For comparison purposes, we employed DESTINI2 to conduct inter-residue distance prediction on the same test data set, i.e., 593 SCOP domain sequences, used to benchmark SAdLSA. DESTINI2 improves DESTINI by using a deeper, dilated convolutional residual network model. In this study, we used 39 dilated residual blocks similar to the one implemented in SAdLSA. For training, about 10,000 crystal structures with <2.5 Å resolution were taken from a March 2020 release of PISCES (Wang and Dunbrack Jr., 2003), which were curated from the PDB database (Berman et al., 2000).

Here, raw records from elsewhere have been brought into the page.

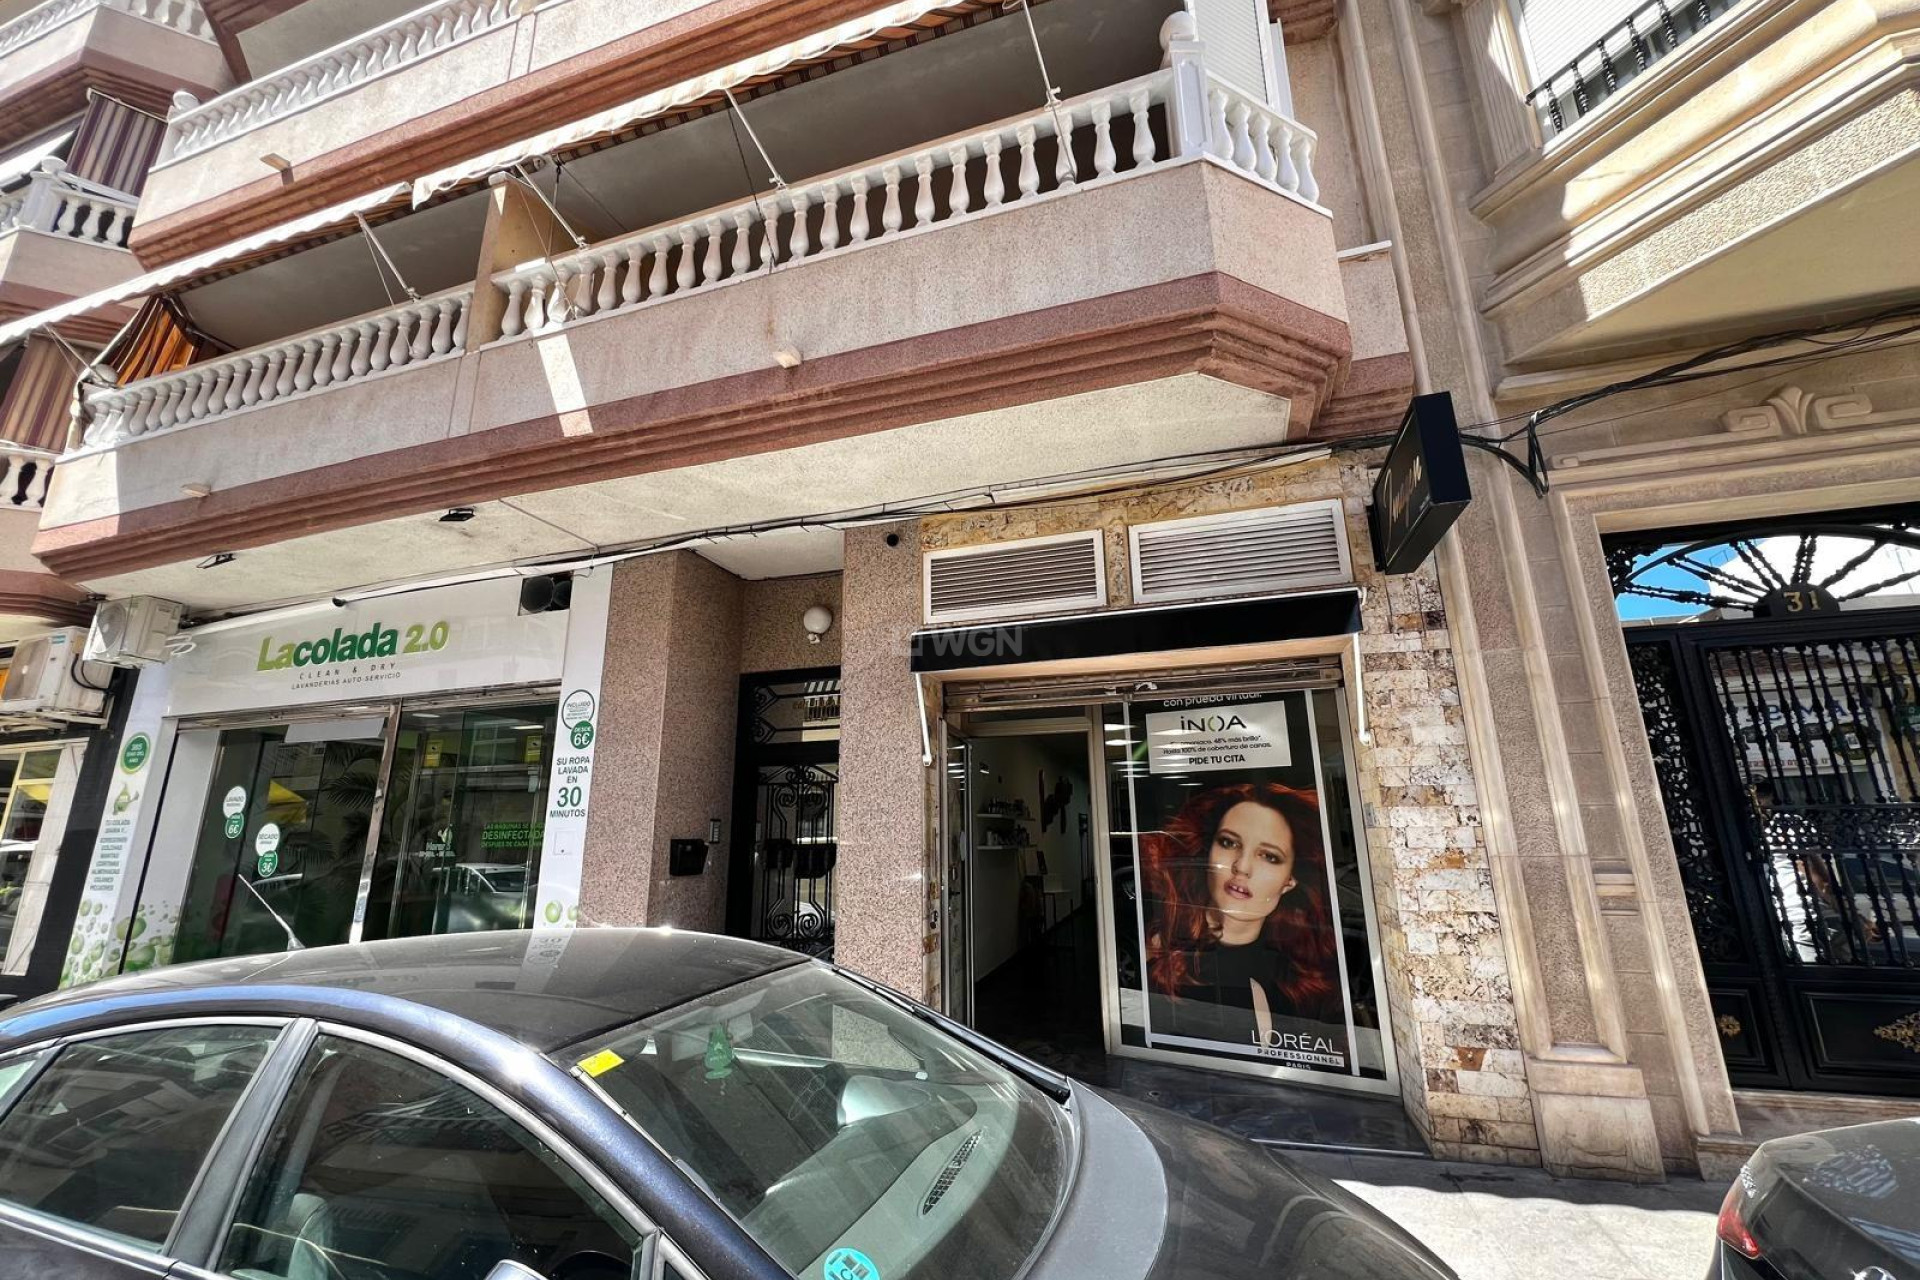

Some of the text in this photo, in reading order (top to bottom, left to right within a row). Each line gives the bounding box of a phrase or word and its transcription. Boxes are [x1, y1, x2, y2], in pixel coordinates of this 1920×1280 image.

[1783, 590, 1821, 611] 31
[257, 620, 450, 671] Lacolada 2.0
[299, 669, 340, 681] CLEAN
[370, 662, 397, 673] DRY
[291, 671, 401, 690] LAVANDERIAS AUTO SERVICIO
[1163, 699, 1183, 707] con
[574, 732, 590, 746] 6€
[556, 756, 590, 766] SU ROPA
[1188, 754, 1246, 765] PIDE TU CITA
[557, 766, 589, 775] LAVADA
[567, 775, 578, 783] EN
[557, 786, 582, 808] 30
[550, 808, 586, 818] MINUTOS
[1257, 1047, 1341, 1065] PROFESSIONNEL
[1286, 1061, 1311, 1070] PARIS

For a fair comparison, we retrained DESTINI2 models by removing the test set entries and their close homologs from the original DESTINI2 training set using the same criteria as that used for the SAdLSA test.

Results

We conducted self-alignments for 593 target sequences with SAdLSA, using deep-learning models trained without obvious homologs to any of the 593 target sequences (see Methods). As one would expect, SAdLSA returns a sequence alignment at 100% identity and a predicted TM-score close to one. This seems trivial. But, if one carefully inspects the residue-residue distogram prediction, it not only contains information giving rise the identical alignment, but also contains inter-residue distance information to structurally characterize the fold encoded by the sequence itself.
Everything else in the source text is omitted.